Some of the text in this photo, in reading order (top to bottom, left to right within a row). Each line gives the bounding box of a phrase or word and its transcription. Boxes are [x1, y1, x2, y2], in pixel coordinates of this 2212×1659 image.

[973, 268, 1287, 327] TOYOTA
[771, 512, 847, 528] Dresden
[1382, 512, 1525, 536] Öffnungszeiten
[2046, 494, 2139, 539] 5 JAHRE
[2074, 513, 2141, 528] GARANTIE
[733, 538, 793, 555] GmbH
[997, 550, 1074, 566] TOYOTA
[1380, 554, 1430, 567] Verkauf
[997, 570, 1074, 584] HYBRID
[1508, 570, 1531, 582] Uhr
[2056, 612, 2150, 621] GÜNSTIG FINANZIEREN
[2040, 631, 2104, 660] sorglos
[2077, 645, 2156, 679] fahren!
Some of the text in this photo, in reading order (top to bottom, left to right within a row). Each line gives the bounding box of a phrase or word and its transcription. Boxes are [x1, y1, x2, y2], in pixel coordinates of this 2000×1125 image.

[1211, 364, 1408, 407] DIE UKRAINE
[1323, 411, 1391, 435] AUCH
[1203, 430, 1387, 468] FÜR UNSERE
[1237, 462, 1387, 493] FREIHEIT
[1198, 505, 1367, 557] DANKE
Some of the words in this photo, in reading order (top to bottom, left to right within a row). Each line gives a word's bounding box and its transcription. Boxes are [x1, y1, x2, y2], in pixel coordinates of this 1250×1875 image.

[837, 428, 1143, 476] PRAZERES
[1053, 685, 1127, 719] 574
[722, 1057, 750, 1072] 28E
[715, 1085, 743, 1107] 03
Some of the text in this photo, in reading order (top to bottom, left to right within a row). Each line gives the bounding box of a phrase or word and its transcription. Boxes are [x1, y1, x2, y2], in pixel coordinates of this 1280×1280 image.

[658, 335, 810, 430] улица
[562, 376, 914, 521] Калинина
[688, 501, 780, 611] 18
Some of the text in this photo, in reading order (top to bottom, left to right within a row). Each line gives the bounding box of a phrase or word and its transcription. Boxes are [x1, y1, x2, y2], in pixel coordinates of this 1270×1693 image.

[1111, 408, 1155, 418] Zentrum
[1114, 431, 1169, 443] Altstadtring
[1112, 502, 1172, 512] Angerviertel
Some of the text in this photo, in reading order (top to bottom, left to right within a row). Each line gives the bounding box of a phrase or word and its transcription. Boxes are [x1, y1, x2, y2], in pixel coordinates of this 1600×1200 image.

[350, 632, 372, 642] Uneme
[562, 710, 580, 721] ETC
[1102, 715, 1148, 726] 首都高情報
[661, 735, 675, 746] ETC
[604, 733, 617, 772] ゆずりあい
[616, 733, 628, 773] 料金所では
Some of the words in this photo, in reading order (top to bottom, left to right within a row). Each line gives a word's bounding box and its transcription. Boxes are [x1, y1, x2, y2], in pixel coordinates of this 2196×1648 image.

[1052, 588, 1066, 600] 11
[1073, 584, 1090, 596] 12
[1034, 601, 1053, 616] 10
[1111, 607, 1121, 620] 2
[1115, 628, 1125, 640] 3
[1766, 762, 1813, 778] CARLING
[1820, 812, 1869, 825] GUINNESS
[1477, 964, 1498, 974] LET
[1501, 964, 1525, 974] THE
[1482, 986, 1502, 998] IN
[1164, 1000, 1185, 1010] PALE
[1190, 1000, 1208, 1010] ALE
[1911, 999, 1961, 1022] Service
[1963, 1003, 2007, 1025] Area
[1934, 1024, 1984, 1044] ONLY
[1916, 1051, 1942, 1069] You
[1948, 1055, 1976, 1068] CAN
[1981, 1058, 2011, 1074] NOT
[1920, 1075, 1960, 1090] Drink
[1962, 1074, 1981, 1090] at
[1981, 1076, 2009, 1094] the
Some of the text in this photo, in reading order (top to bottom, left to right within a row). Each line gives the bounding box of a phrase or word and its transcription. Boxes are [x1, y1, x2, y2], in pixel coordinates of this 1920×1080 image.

◆ ◆ ◆ ◆ ◆

**Directions**
Transcribe each line of the listing exactly.

**Written solution**
Some of the text in this photo, in reading order (top to bottom, left to right within a row). Each line gives the bounding box of a phrase or word and its transcription. Boxes are [x1, y1, x2, y2], in pixel coordinates of this 2212×1659 image.

[973, 268, 1287, 327] TOYOTA
[771, 512, 847, 528] Dresden
[1382, 512, 1525, 536] Öffnungszeiten
[2046, 494, 2139, 539] 5 JAHRE
[2074, 513, 2141, 528] GARANTIE
[733, 538, 793, 555] GmbH
[997, 550, 1074, 566] TOYOTA
[1380, 554, 1430, 567] Verkauf
[997, 570, 1074, 584] HYBRID
[1508, 570, 1531, 582] Uhr
[2056, 612, 2150, 621] GÜNSTIG FINANZIEREN
[2040, 631, 2104, 660] sorglos
[2077, 645, 2156, 679] fahren!
Some of the text in this photo, in reading order (top to bottom, left to right within a row). Each line gives the bounding box of a phrase or word and its transcription. Boxes are [x1, y1, x2, y2], in pixel coordinates of this 2000×1125 image.

[1211, 364, 1408, 407] DIE UKRAINE
[1323, 411, 1391, 435] AUCH
[1203, 430, 1387, 468] FÜR UNSERE
[1237, 462, 1387, 493] FREIHEIT
[1198, 505, 1367, 557] DANKE
Some of the words in this photo, in reading order (top to bottom, left to right within a row). Each line gives a word's bounding box and its transcription. Boxes are [x1, y1, x2, y2], in pixel coordinates of this 1250×1875 image.

[837, 428, 1143, 476] PRAZERES
[1053, 685, 1127, 719] 574
[722, 1057, 750, 1072] 28E
[715, 1085, 743, 1107] 03
Some of the text in this photo, in reading order (top to bottom, left to right within a row). Each line gives the bounding box of a phrase or word and its transcription. Boxes are [x1, y1, x2, y2], in pixel coordinates of this 1280×1280 image.

[658, 335, 810, 430] улица
[562, 376, 914, 521] Калинина
[688, 501, 780, 611] 18
Some of the text in this photo, in reading order (top to bottom, left to right within a row). Each line gives the bounding box of a phrase or word and its transcription. Boxes are [x1, y1, x2, y2], in pixel coordinates of this 1270×1693 image.

[1111, 408, 1155, 418] Zentrum
[1114, 431, 1169, 443] Altstadtring
[1112, 502, 1172, 512] Angerviertel
Some of the text in this photo, in reading order (top to bottom, left to right within a row). Each line gives the bounding box of a phrase or word and its transcription. Boxes are [x1, y1, x2, y2], in pixel coordinates of this 1600×1200 image.

[350, 632, 372, 642] Uneme
[562, 710, 580, 721] ETC
[1102, 715, 1148, 726] 首都高情報
[661, 735, 675, 746] ETC
[604, 733, 617, 772] ゆずりあい
[616, 733, 628, 773] 料金所では
Some of the words in this photo, in reading order (top to bottom, left to right within a row). Each line gives a word's bounding box and its transcription. Boxes are [x1, y1, x2, y2], in pixel coordinates of this 2196×1648 image.

[1052, 588, 1066, 600] 11
[1073, 584, 1090, 596] 12
[1034, 601, 1053, 616] 10
[1111, 607, 1121, 620] 2
[1115, 628, 1125, 640] 3
[1766, 762, 1813, 778] CARLING
[1820, 812, 1869, 825] GUINNESS
[1477, 964, 1498, 974] LET
[1501, 964, 1525, 974] THE
[1482, 986, 1502, 998] IN
[1164, 1000, 1185, 1010] PALE
[1190, 1000, 1208, 1010] ALE
[1911, 999, 1961, 1022] Service
[1963, 1003, 2007, 1025] Area
[1934, 1024, 1984, 1044] ONLY
[1916, 1051, 1942, 1069] You
[1948, 1055, 1976, 1068] CAN
[1981, 1058, 2011, 1074] NOT
[1920, 1075, 1960, 1090] Drink
[1962, 1074, 1981, 1090] at
[1981, 1076, 2009, 1094] the
Some of the text in this photo, in reading order (top to bottom, left to right within a row). Each line gives the bounding box of a phrase or word and its transcription. Boxes are [x1, y1, x2, y2], in pixel coordinates of this 1920×1080 image.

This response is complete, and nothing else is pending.